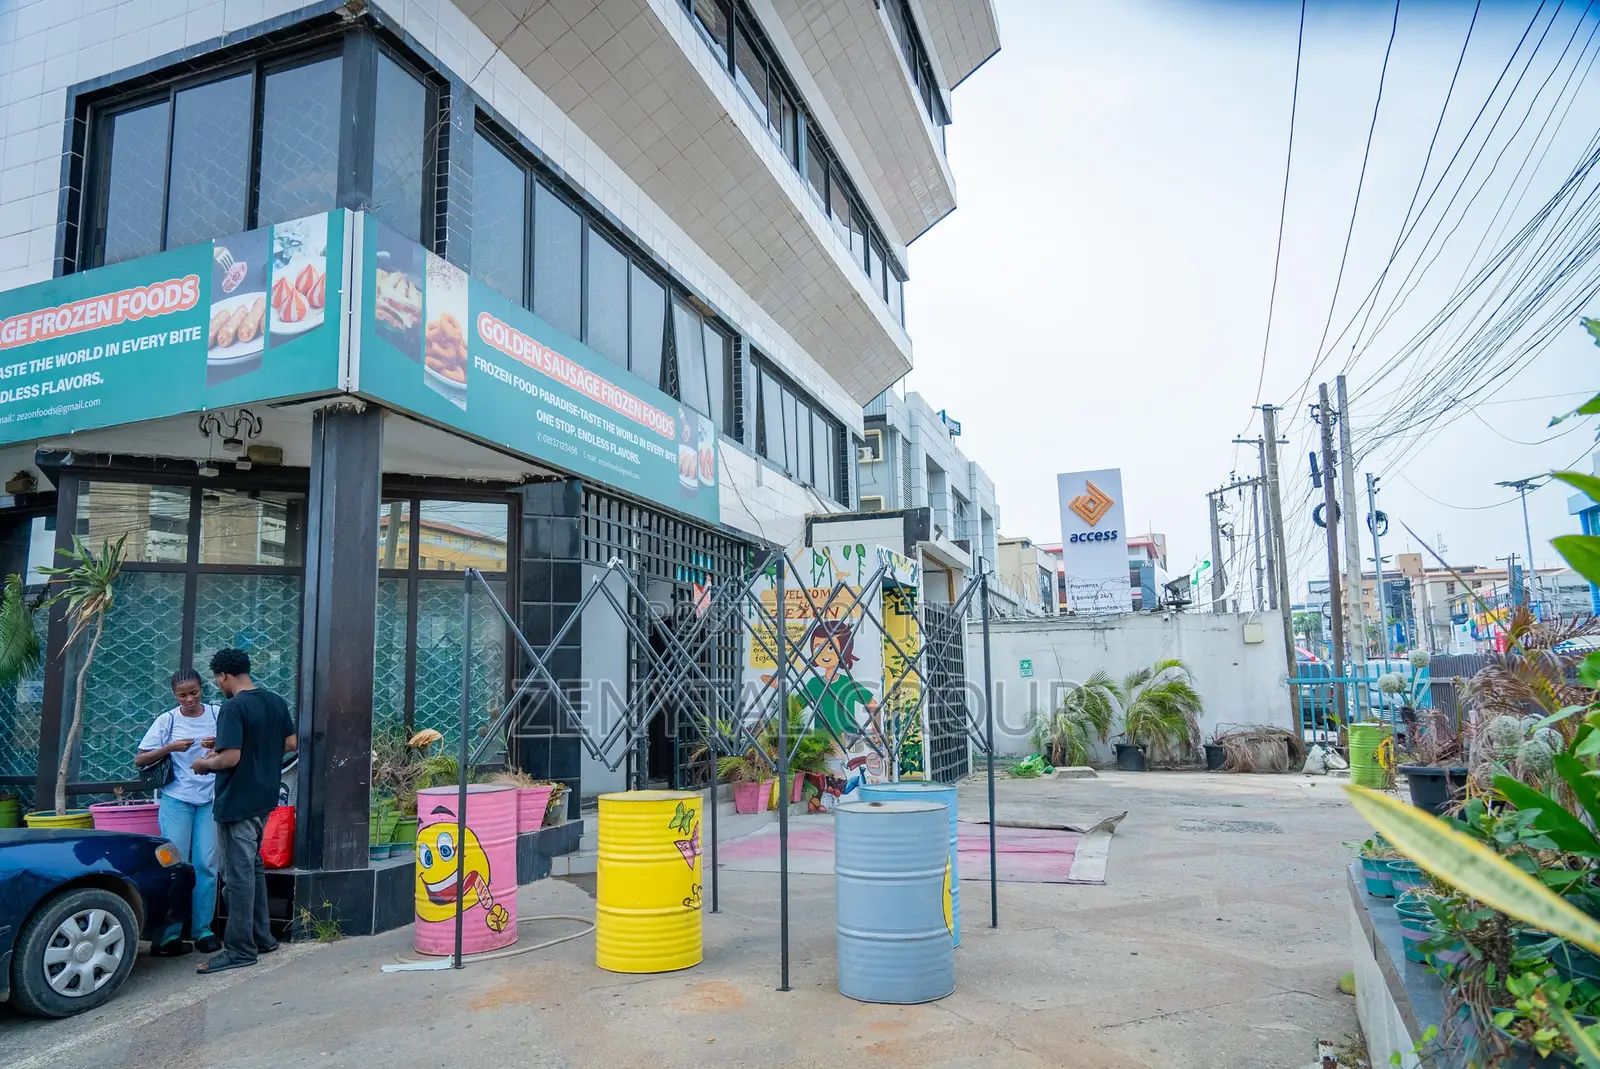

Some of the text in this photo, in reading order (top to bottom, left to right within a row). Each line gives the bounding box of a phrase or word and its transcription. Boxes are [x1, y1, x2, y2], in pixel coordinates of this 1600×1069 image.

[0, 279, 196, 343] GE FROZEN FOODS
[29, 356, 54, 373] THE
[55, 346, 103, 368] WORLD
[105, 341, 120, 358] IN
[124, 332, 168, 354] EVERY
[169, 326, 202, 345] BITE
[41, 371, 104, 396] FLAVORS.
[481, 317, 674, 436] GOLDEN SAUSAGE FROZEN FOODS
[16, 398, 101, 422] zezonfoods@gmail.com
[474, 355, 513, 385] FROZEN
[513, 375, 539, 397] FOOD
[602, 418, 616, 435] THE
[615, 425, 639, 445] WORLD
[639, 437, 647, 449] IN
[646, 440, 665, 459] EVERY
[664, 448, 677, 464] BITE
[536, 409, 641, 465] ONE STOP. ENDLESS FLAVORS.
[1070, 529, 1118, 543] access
----------
TRY IT: Output the listing above in full and exactly, with pictures excluded.

SOLVED PROBLEM:
Some of the text in this photo, in reading order (top to bottom, left to right within a row). Each line gives the bounding box of a phrase or word and its transcription. Boxes are [x1, y1, x2, y2], in pixel coordinates of this 1600×1069 image.

[0, 279, 196, 343] GE FROZEN FOODS
[29, 356, 54, 373] THE
[55, 346, 103, 368] WORLD
[105, 341, 120, 358] IN
[124, 332, 168, 354] EVERY
[169, 326, 202, 345] BITE
[41, 371, 104, 396] FLAVORS.
[481, 317, 674, 436] GOLDEN SAUSAGE FROZEN FOODS
[16, 398, 101, 422] zezonfoods@gmail.com
[474, 355, 513, 385] FROZEN
[513, 375, 539, 397] FOOD
[602, 418, 616, 435] THE
[615, 425, 639, 445] WORLD
[639, 437, 647, 449] IN
[646, 440, 665, 459] EVERY
[664, 448, 677, 464] BITE
[536, 409, 641, 465] ONE STOP. ENDLESS FLAVORS.
[1070, 529, 1118, 543] access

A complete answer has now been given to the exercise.